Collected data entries

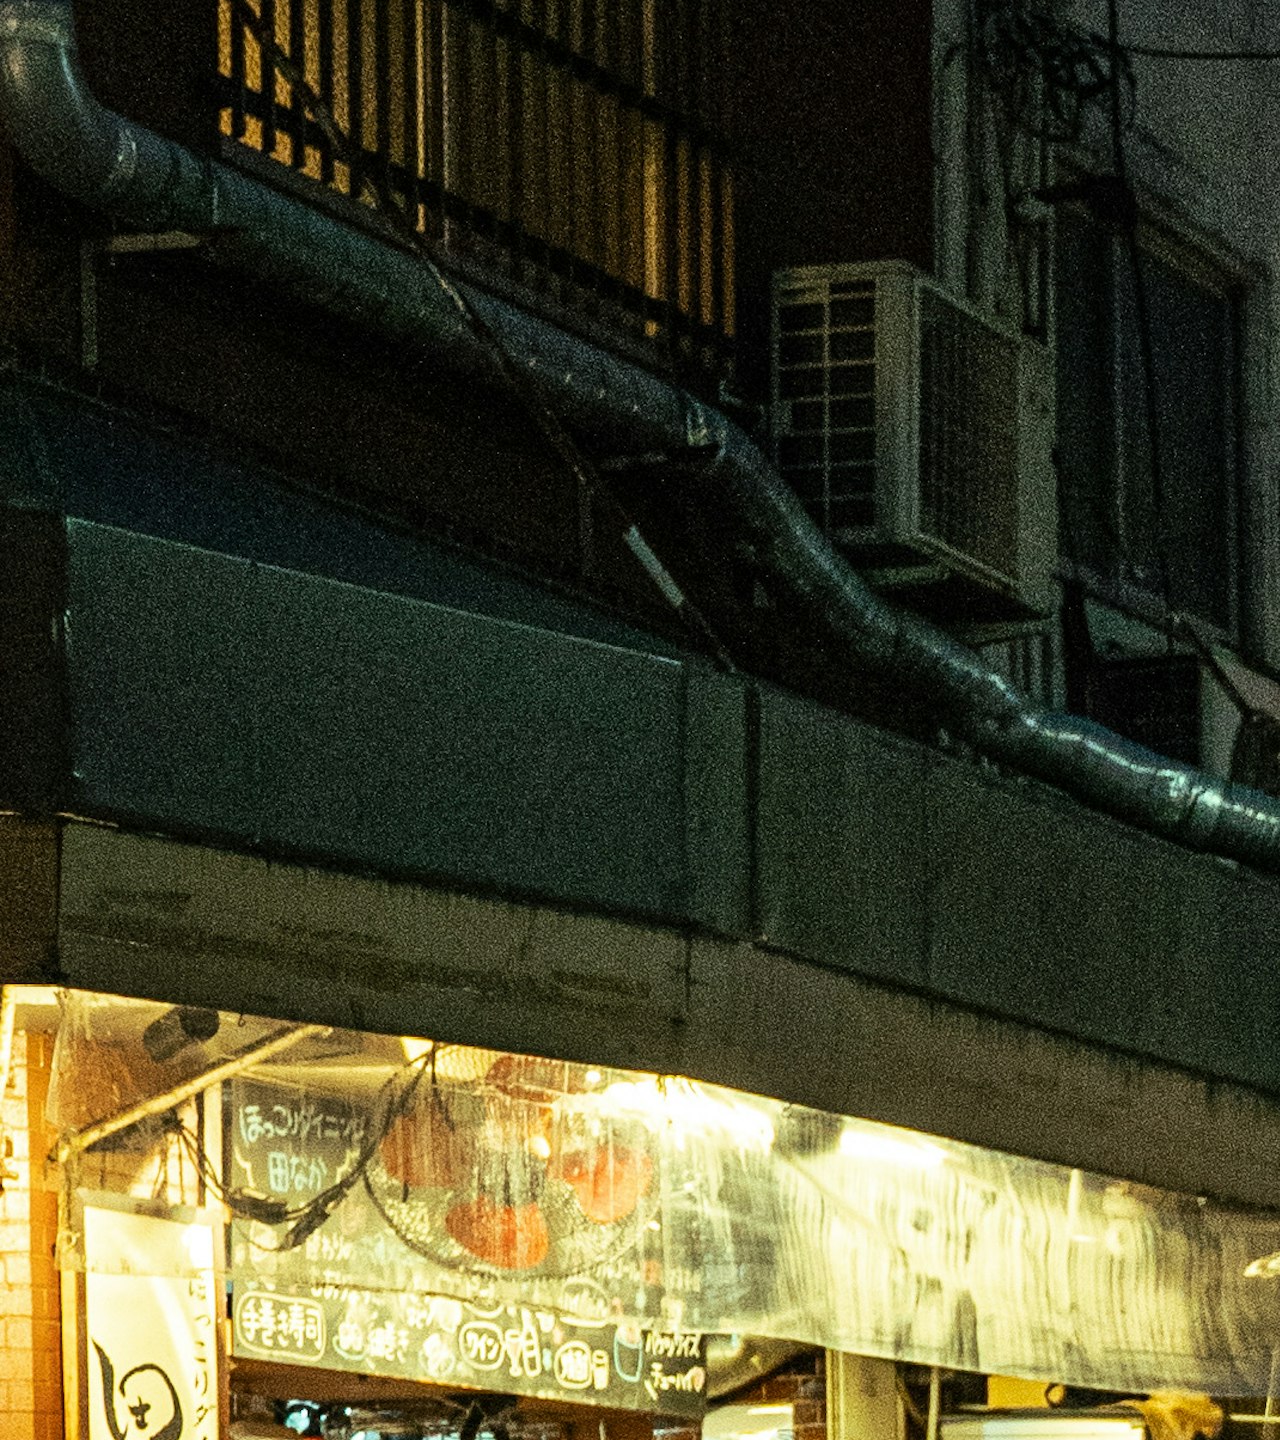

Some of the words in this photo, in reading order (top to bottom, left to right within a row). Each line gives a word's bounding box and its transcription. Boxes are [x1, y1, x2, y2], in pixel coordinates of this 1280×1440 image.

[267, 1151, 327, 1192] 田なか
[241, 1297, 323, 1351] 手巻き寿司
[466, 1330, 499, 1361] ワイン
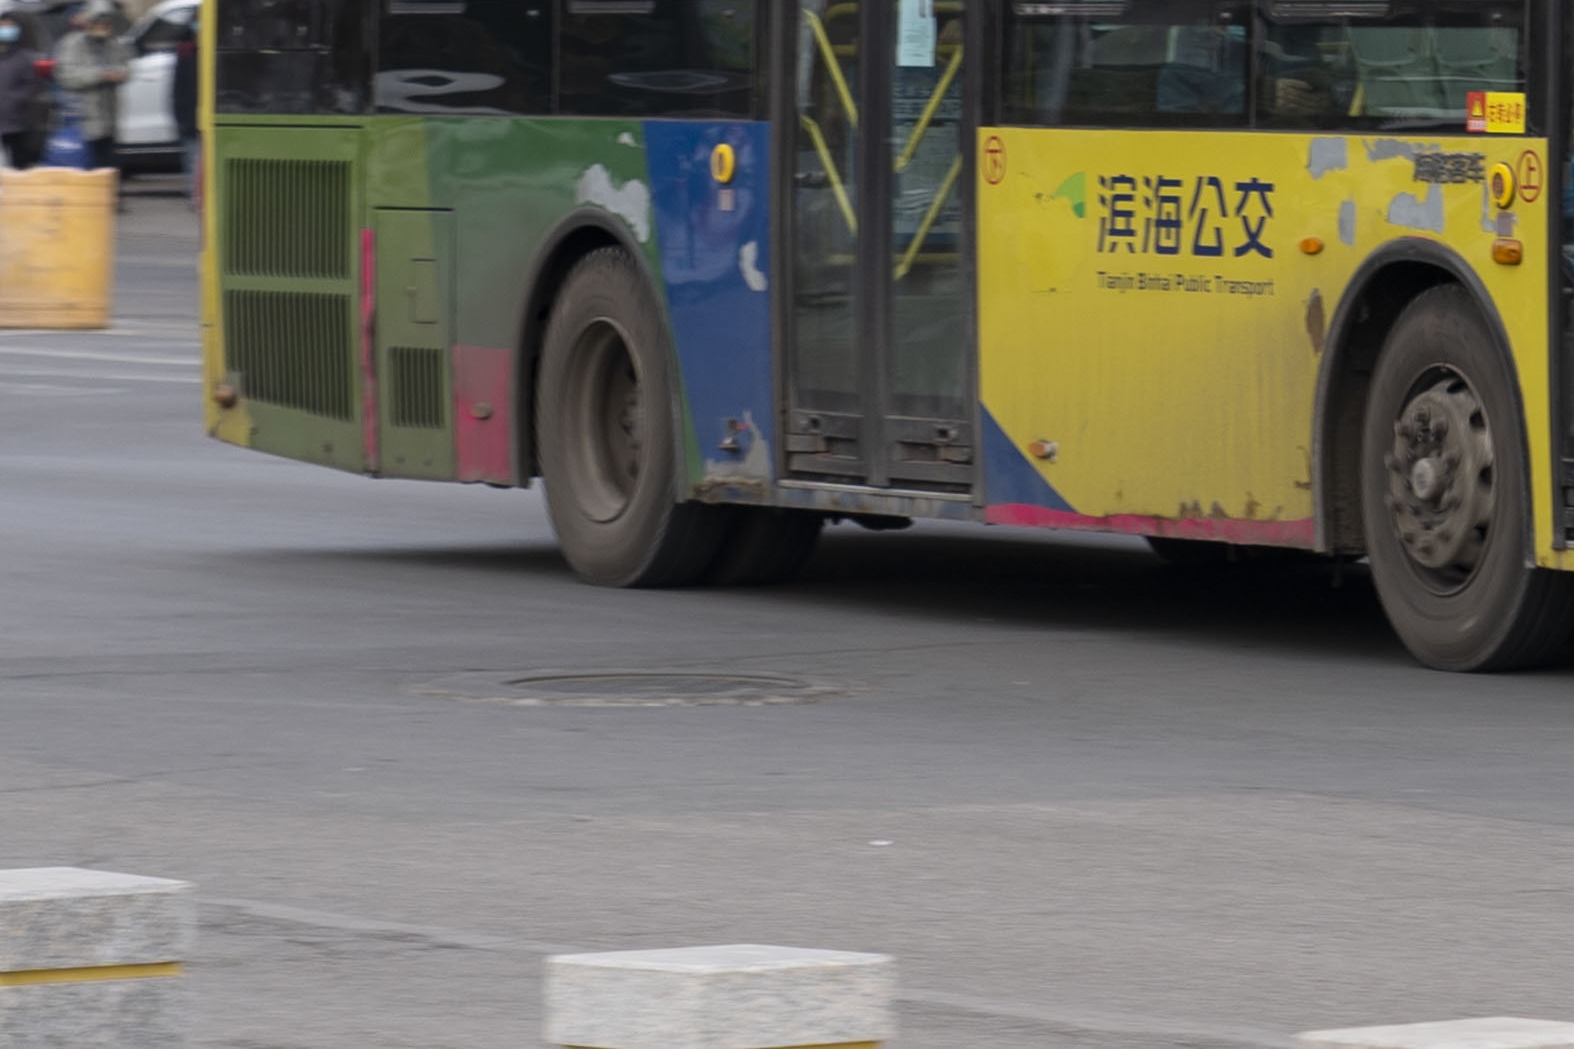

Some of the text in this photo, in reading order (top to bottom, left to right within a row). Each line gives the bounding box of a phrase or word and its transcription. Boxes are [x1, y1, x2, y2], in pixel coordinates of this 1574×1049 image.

[1097, 174, 1275, 259] 滨海公交
[1176, 273, 1212, 292] Public
[1214, 275, 1275, 297] Transport
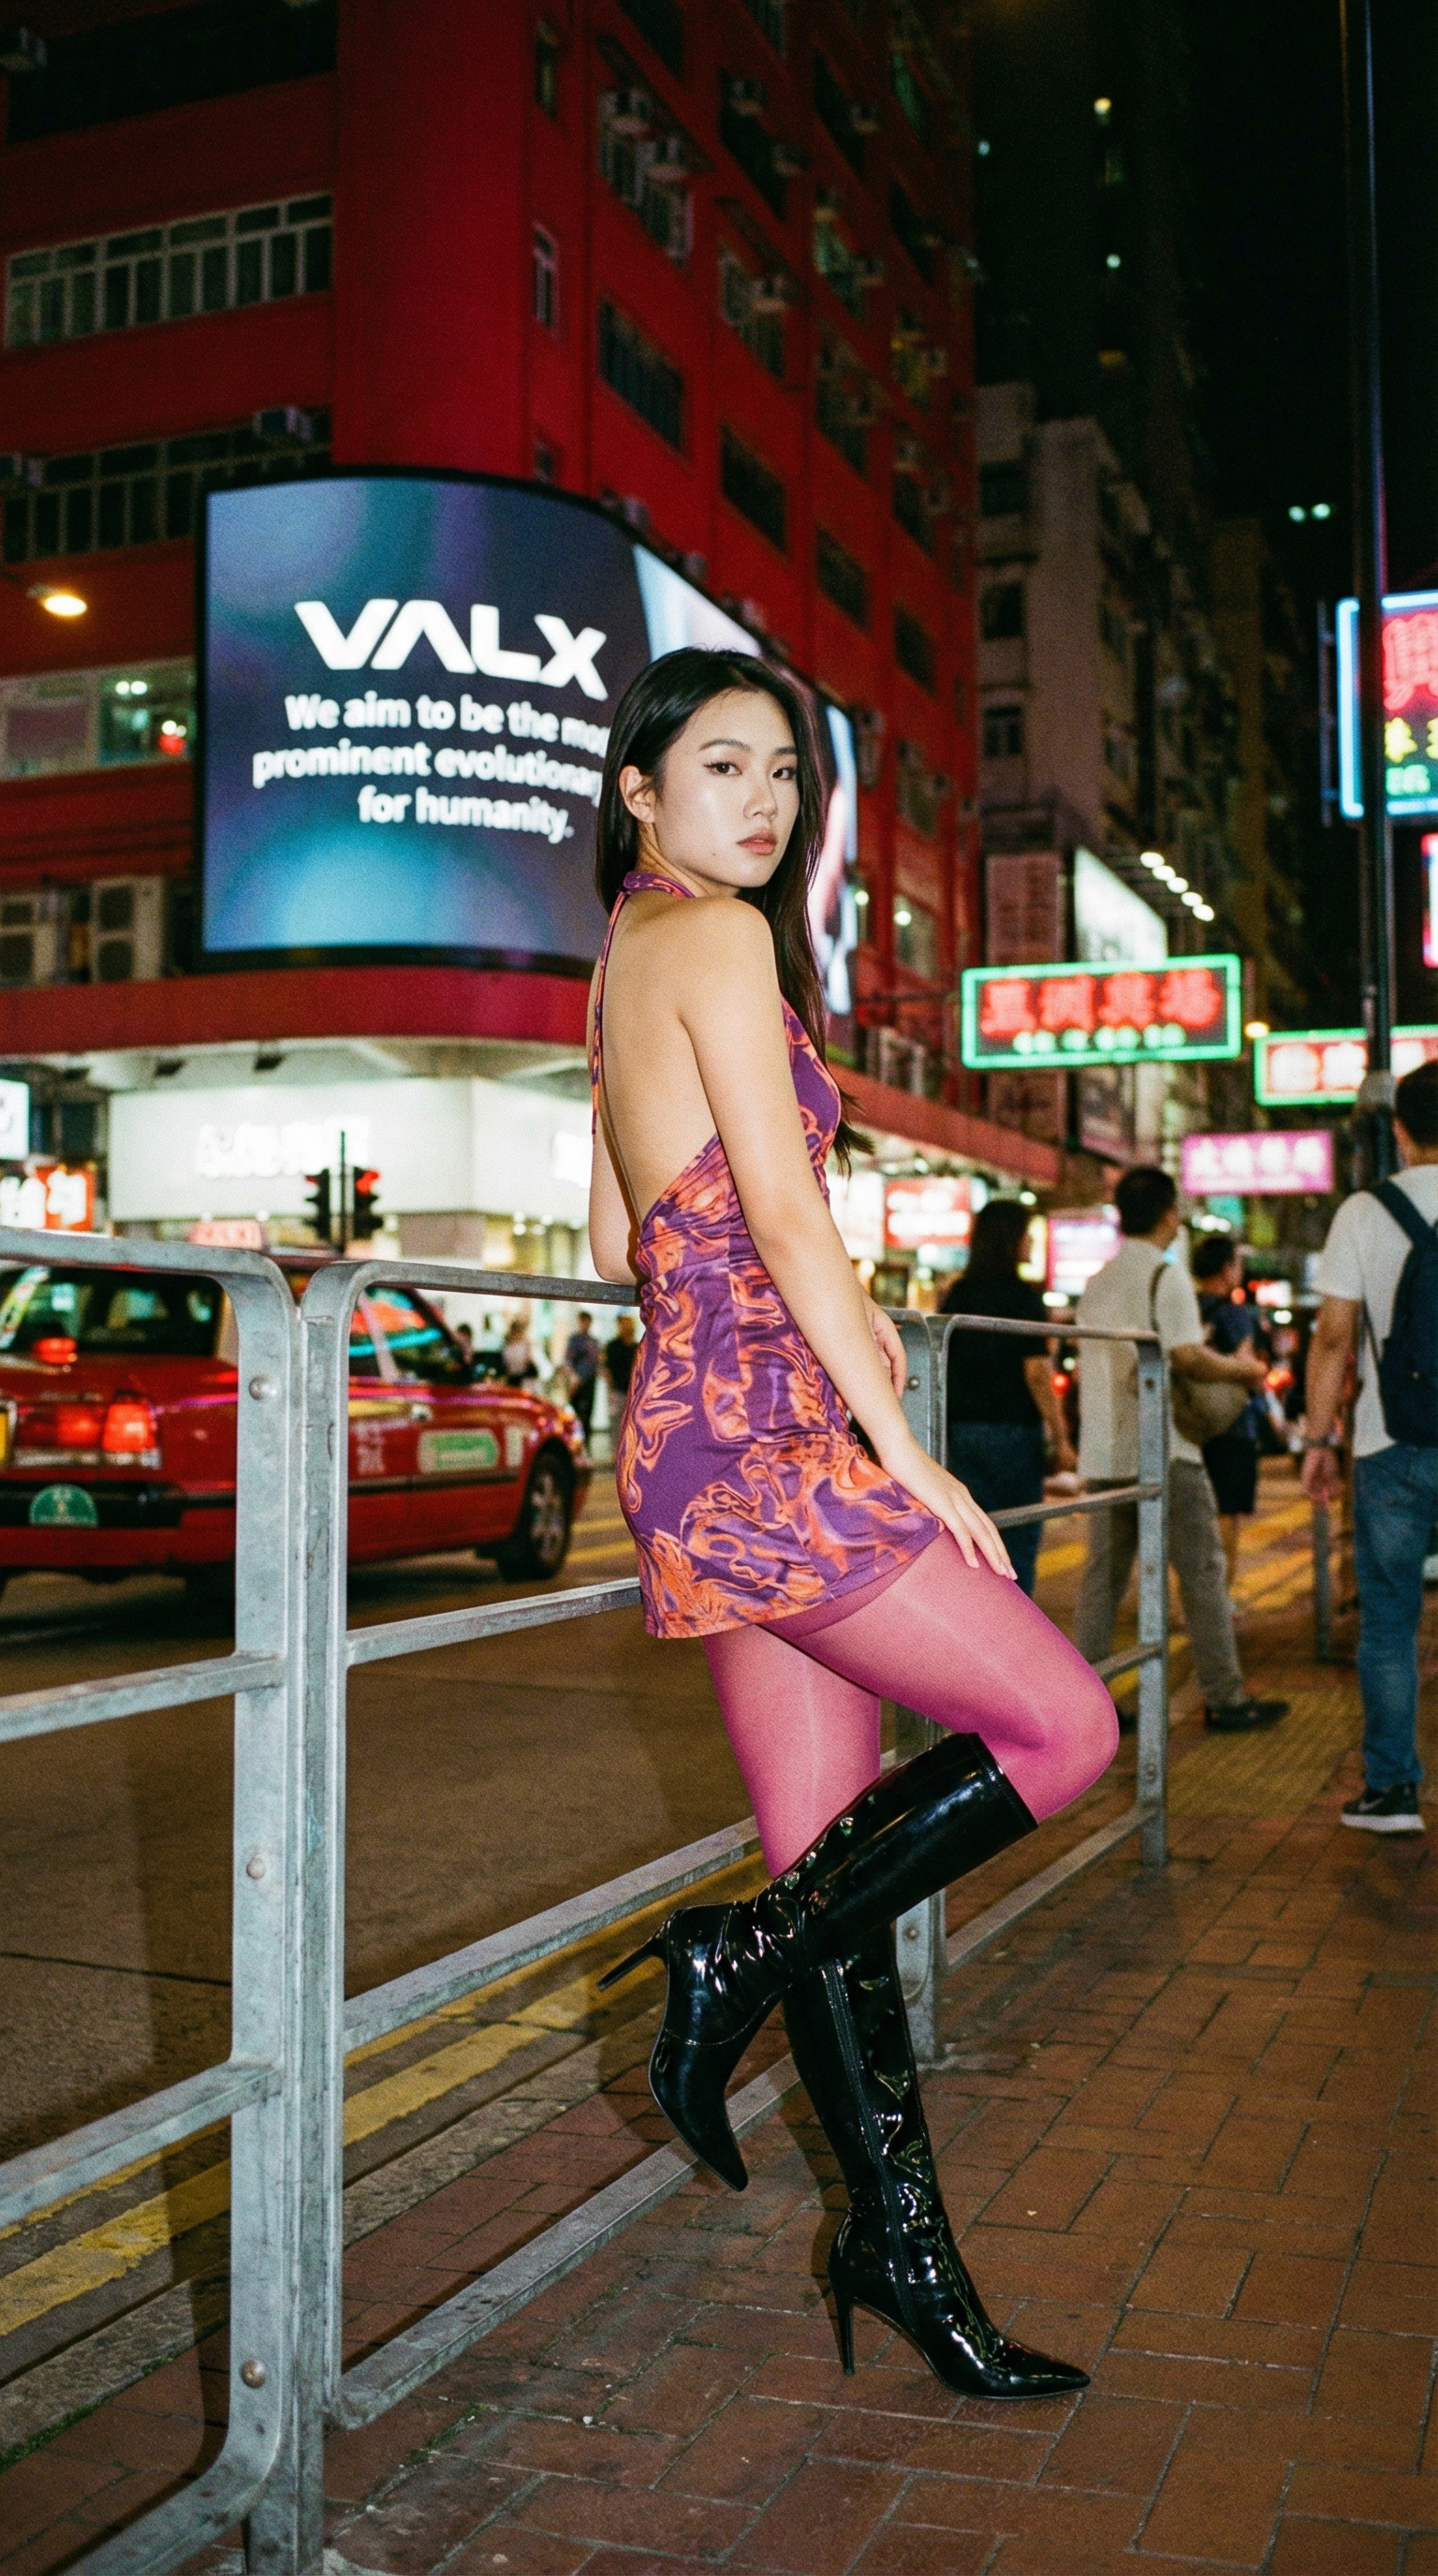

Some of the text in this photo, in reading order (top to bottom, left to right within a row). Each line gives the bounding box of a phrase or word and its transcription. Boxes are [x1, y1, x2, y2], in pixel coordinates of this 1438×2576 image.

[295, 598, 608, 701] VALX
[285, 694, 340, 730] We
[344, 691, 411, 728] aim
[416, 695, 456, 729] to
[460, 694, 505, 734] be
[506, 701, 559, 742] the
[253, 738, 431, 788] prominent
[358, 785, 575, 843] for humanity.

__EXERCISE BRIEF__.
Repeat the data exactly as written, but without the pictures.

__TASK ANSWER__.
Some of the words in this photo, in reading order (top to bottom, left to right within a row). Each line gives a word's bounding box and its transcription. Boxes are [x1, y1, x2, y2], in pixel coordinates of this 1280×1440 image.

[267, 1151, 327, 1192] 田なか
[241, 1297, 323, 1351] 手巻き寿司
[466, 1330, 499, 1361] ワイン

Some of the text in this photo, in reading order (top to bottom, left to right within a row). Each line gives the bounding box of a phrase or word and its transcription. Boxes are [x1, y1, x2, y2], in pixel coordinates of this 1574×1049 image.

[1097, 174, 1275, 259] 滨海公交
[1176, 273, 1212, 292] Public
[1214, 275, 1275, 297] Transport

Some of the text in this photo, in reading order (top to bottom, left to right within a row). Each line gives the bounding box of a phrase or word and its transcription. Boxes are [x1, y1, x2, y2], in pixel coordinates of this 1438×2576 image.

[295, 598, 608, 701] VALX
[285, 694, 340, 730] We
[344, 691, 411, 728] aim
[416, 695, 456, 729] to
[460, 694, 505, 734] be
[506, 701, 559, 742] the
[253, 738, 431, 788] prominent
[358, 785, 575, 843] for humanity.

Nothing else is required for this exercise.